The statistics are summarized in Table I.

TABLE III: Results with a random policy (termed as UAF-Random) in terms of MRR@5 and HR@5 on all the four datasets.

Models	ColdRec-1		ColdRec-2		ColdRec-3		ColdRec-4
	MRR@5	HR@5	MRR@5	HR@5	MRR@5	HR@5	MRR@5	HR@5
UAF-Random	0.2562	0.4346	0.3917	0.5796	0.1172	0.2158	0.2123	0.3587
UAF-Hard	0.2594	0.4378	0.3940	0.5824	0.1190	0.2212	0.2151	0.3640
UAF-Soft	0.2600	0.4397	0.3939	0.5841	0.1209	0.2189	0.2140	0.3613
UAF-RL	0.2599	0.4386	0.3942	0.5837	0.1196	0.2197	0.2142	0.3619

TABLE IV: Results by replacing the policy networks (NextItNet vs. GRU) in terms of MRR@5 and HR@5 on all the four datasets.

Models	ColdRec-1		ColdRec-2		ColdRec-3		ColdRec-4
	MRR@5	HR@5	MRR@5	HR@5	MRR@5	HR@5	MRR@5	HR@5
UAF-Hard	0.2594	0.4378	0.3940	0.5824	0.1190	0.2212	0.2151	0.3640
UAF-Hard-GRU	0.2591	0.4382	0.3943	0.5836	0.1186	0.2204	0.2159	0.3634
UAF-Soft	0.2600	0.4397	0.3939	0.5841	0.1209	0.2189	0.2140	0.3613
UAF-Soft-GRU	0.2598	0.4389	0.3941	0.5845	0.1217	0.2220	0.2151	0.3627
UAF-RL	0.2599	0.4386	0.3942	0.5837	0.1196	0.2197	0.2142	0.3619
UAF-RL-GRU	0.2597	0.4381	0.3940	0.5833	0.1199	0.2201	0.2146	0.3625

4.2 Baselines and Evaluation

We compare our models (UAF-Hard, UAF-Soft and UAF-RL) with several powerful approaches. All baseline models share the same NextItNet architecture with ours.

•

Finetune-Zero: It is only trained on the target dataset without performing pre-training on the source dataset. That is, its parameters are randomly initialized.
•

Finetune-CLS: It is pre-trained on the source dataset. We merely fine-tune the softmax layer of the model on the target dataset.
•

Finetune-Last- $N$ ( $N=$ 1, 2): We pre-train the model on the source dataset and fine-tune the last $N$ residual blocks of the pre-trained network (with the softmax layer) on the target data following [45].
•

Finetune-All: We pre-train the model on the source dataset and fine-tune all parameters on the target dataset. Finetune-All is the most widely adopted fine-tuning approach, and usually performs better than Finetune-CLS and Finetune-Last- $N$ as the entire model is tuned [11].
•

MTL: We present a widely used multi-task learning (referred to as MTL) baseline by hard parameter sharing [46], similar to that used in [12]. MTL jointly learns the objective functions of both source and target domains rather than using the two-stage pre-training and fine-tuning framework.
•

PeterRec: This is a recently proposed transfer learning framework which can be used to solve the cold-user problem [11]. The basic idea is to fine-tune a small-sized adapter neural network inserted in the pre-trained network. We evaluate PeterRec by using the official code⁶⁶6https://github.com/fajieyuan/sigir2020_peterrec under our setting.

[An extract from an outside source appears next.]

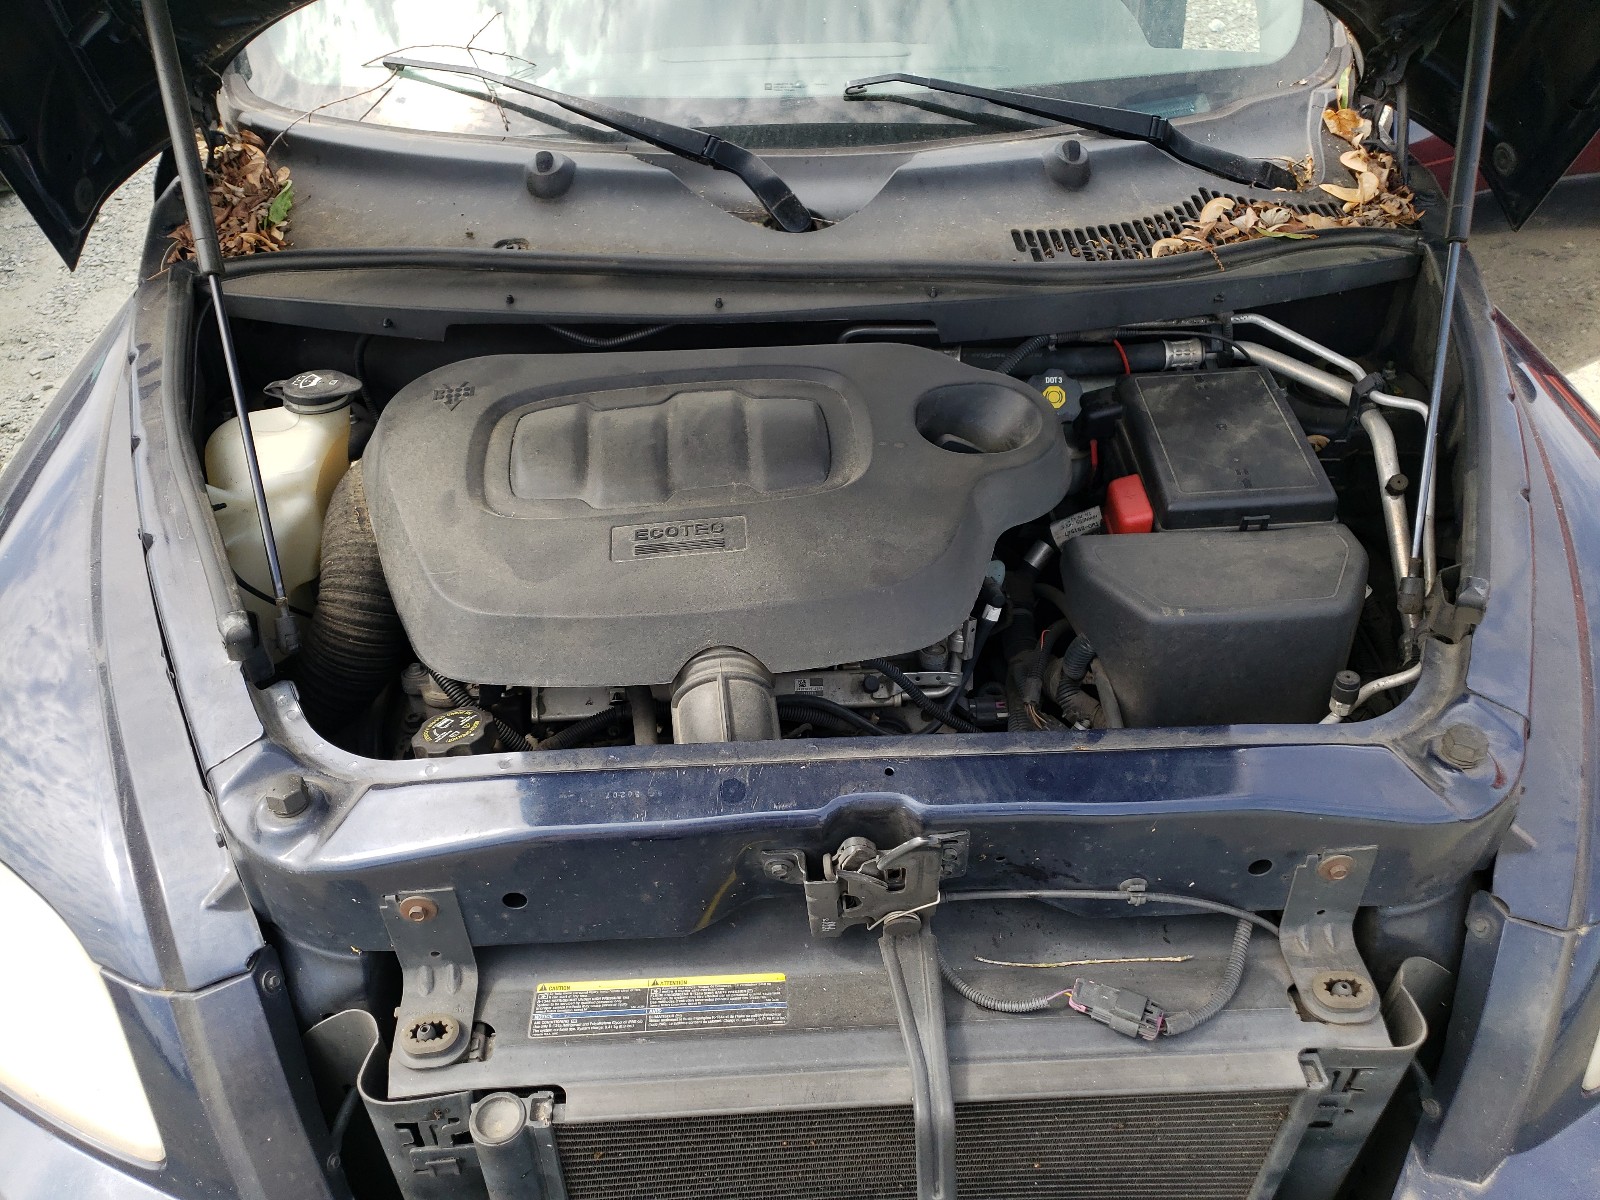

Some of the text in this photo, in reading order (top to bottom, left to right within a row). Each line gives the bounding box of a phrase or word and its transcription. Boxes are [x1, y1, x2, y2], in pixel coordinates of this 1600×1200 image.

[1045, 376, 1063, 384] DOT 3
[634, 521, 724, 541] ECOTEC

Our evaluation follows [11] by adopting two popular top- $N$ metrics to measure the quality of recommended items, including MRR@ $N$ (Mean Reciprocal Rank) [1] and HR@ $N$ (Hit Ratio) [47]. Here $N$ is set to 5 for comparison.

TABLE V: Evaluation results with 10% training data in terms of MRR@5 and HR@5 on ColdRec-1 and ColdRec-2.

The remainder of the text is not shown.